Dernière mise à jour : 25 mars 2022

On est nombreux à avoir cette idée en tête : Le froid, ça rend malade et c’est inconfortable. Ca peut même tuer !

Le froid, nous le côtoyons la moitié de l'année mais au-delà des "on-dit", le connaissons-nous vraiment bien?


Il est évident qu’un froid trop intense ou trop prolongé est dangereux, car il provoque des blessures localisées telles que les engelures, ou une réduction globale de la température du corps (hypothermie) aux conséquences funestes.

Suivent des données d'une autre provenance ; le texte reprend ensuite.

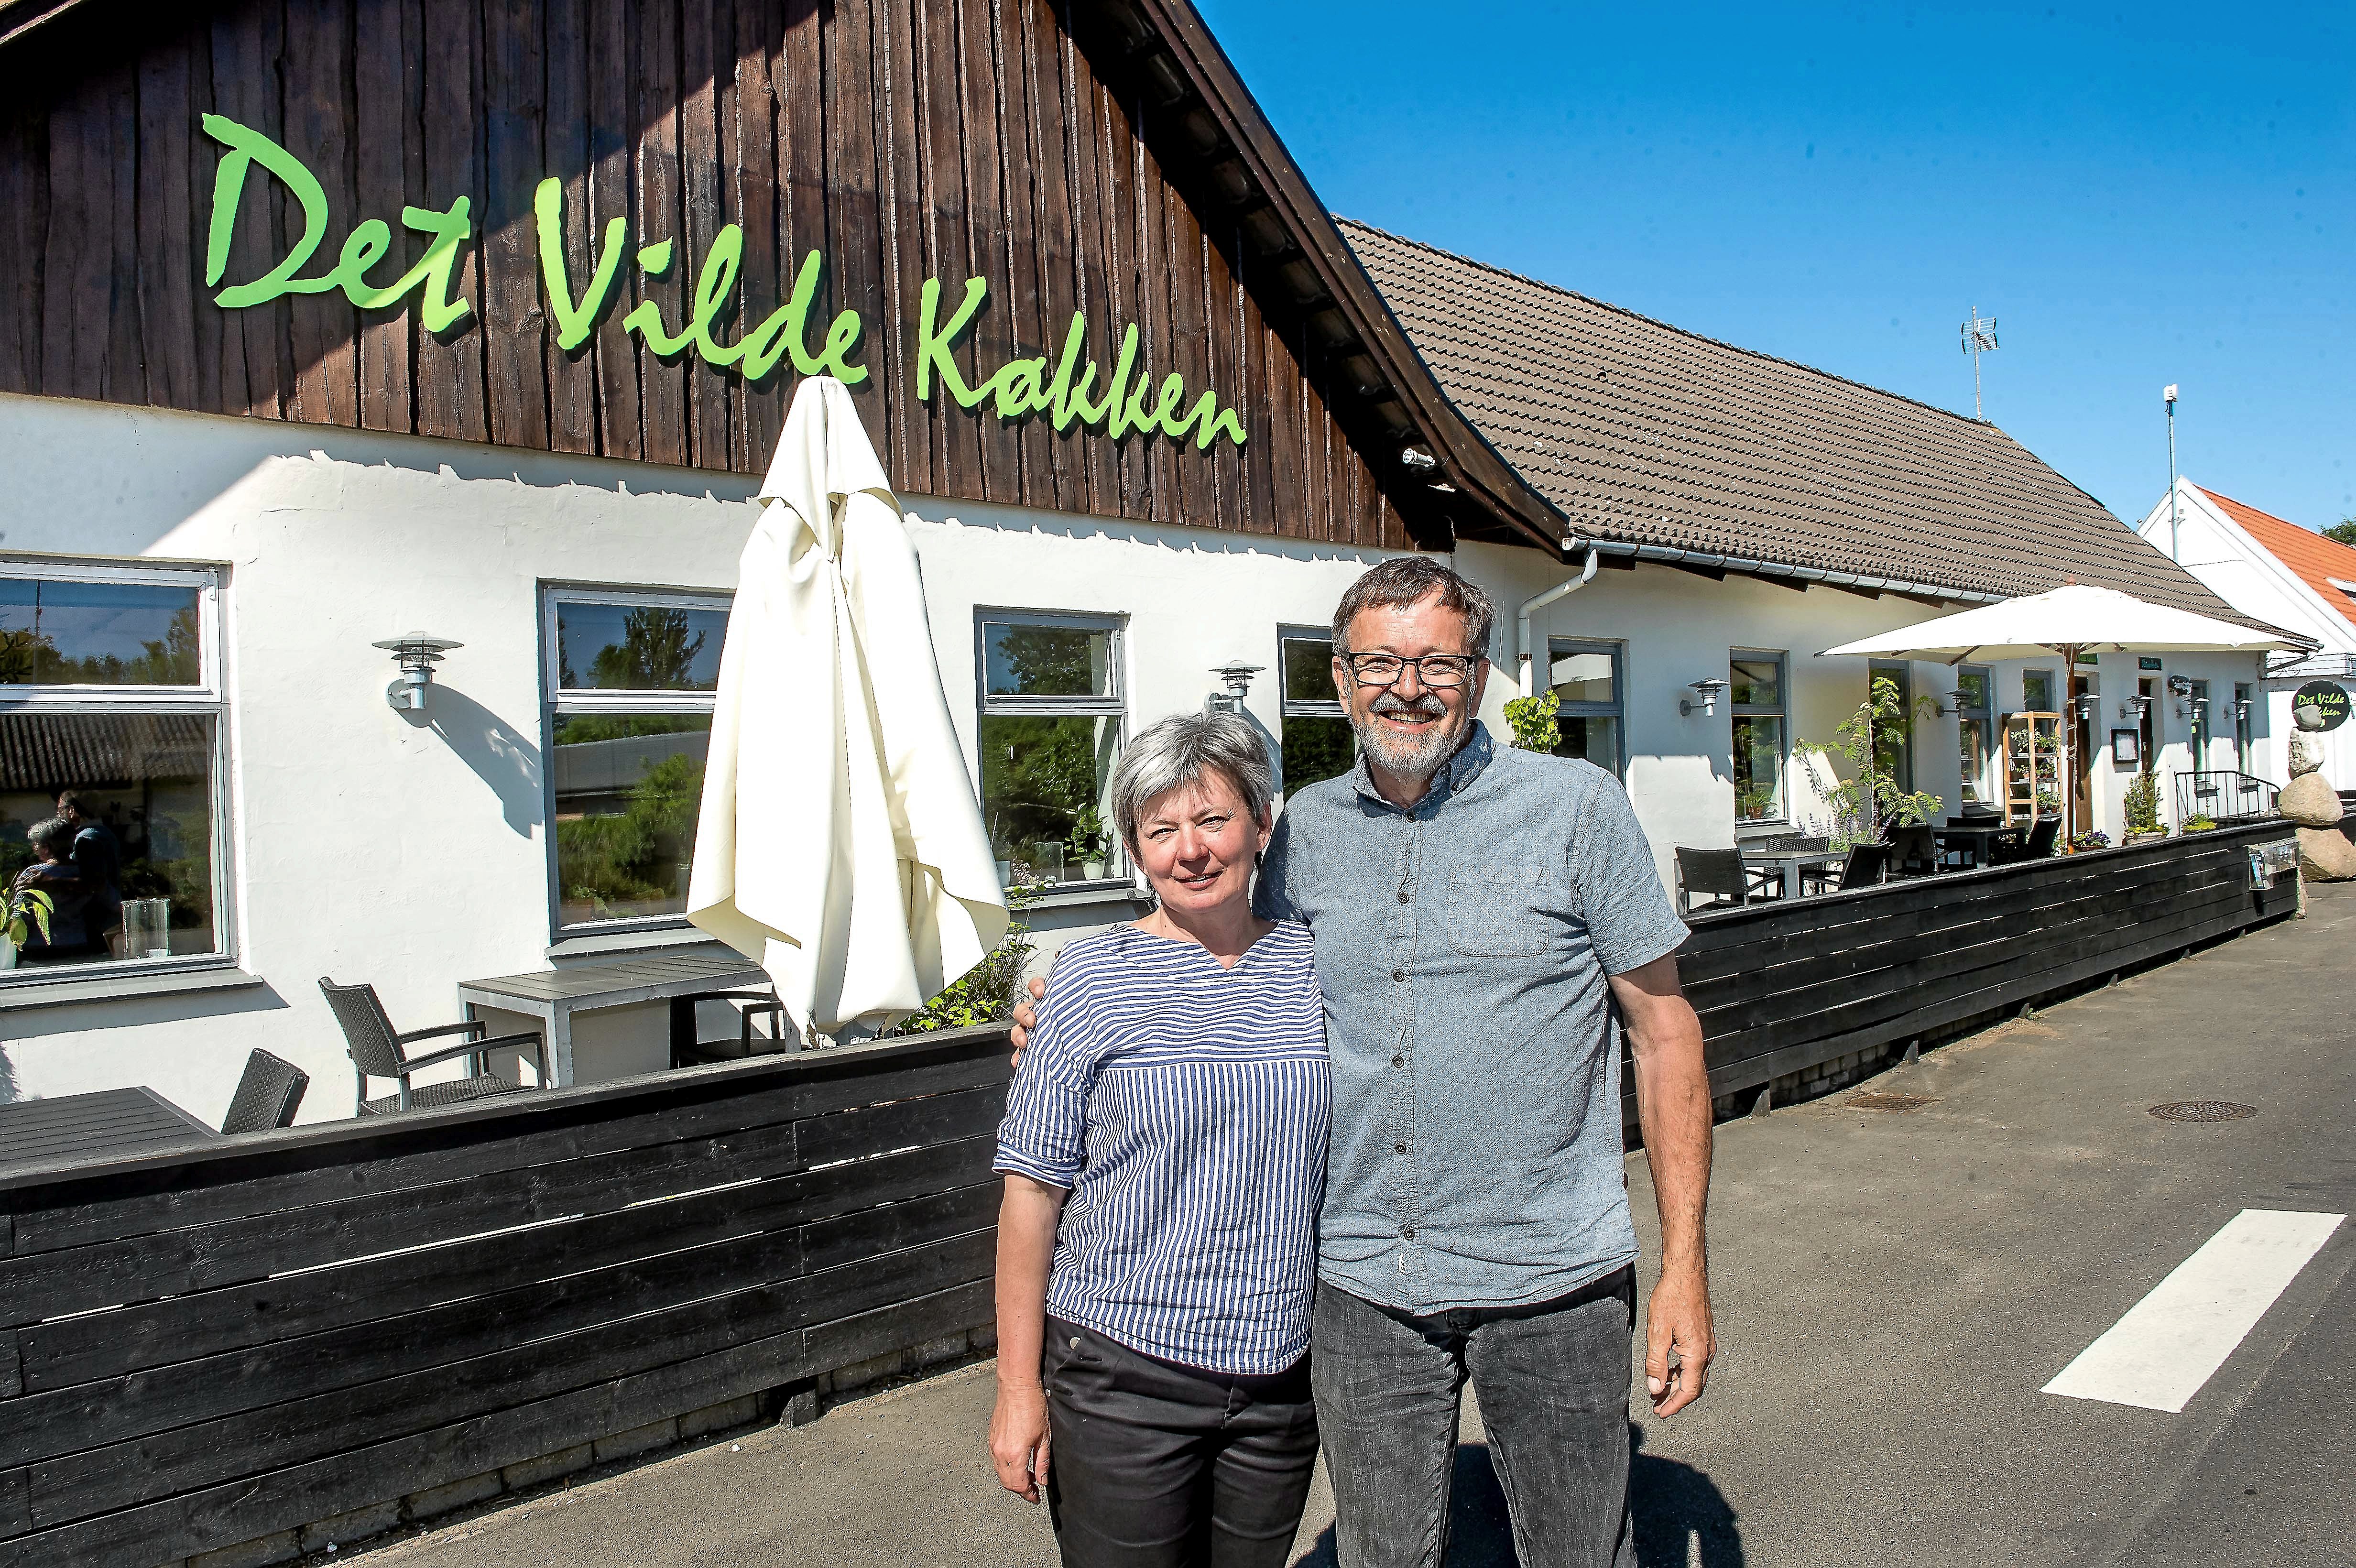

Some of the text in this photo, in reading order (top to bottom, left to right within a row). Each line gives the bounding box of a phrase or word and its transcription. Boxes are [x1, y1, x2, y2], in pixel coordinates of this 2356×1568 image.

[203, 113, 1246, 449] Det Vilde Køkken
[2298, 693, 2345, 706] Det Vilde

Dans un environnement sans vent, ce risque apparait lorsque les températures sont négatives. Ce qui laisse une certaine marge.

Sources: INRS, trimestriel Références en santé au travail n°160, décembre 2019, page 37 [https://www.inrs.fr/dms/inrs/CataloguePapier/DMT/TI-TC-167/tc167.pdf]

Mais quel est l’impact sur notre santé d’un froid modéré ? Est-il vraiment néfaste ? Et si, grâce à lui, notre corps se trouvait renforcé ?


Voyons ce que dit la science des impacts du froid "doux" sur notre santé.


L’équipe du professeur van Marken Lichtenbelt de l’Université de Maastricht travaille sur ce sujet depuis longtemps, et a produit de nombreuses publications. En particulier, un review particulièrement clair en 2017, sur lequel se base cet article[1].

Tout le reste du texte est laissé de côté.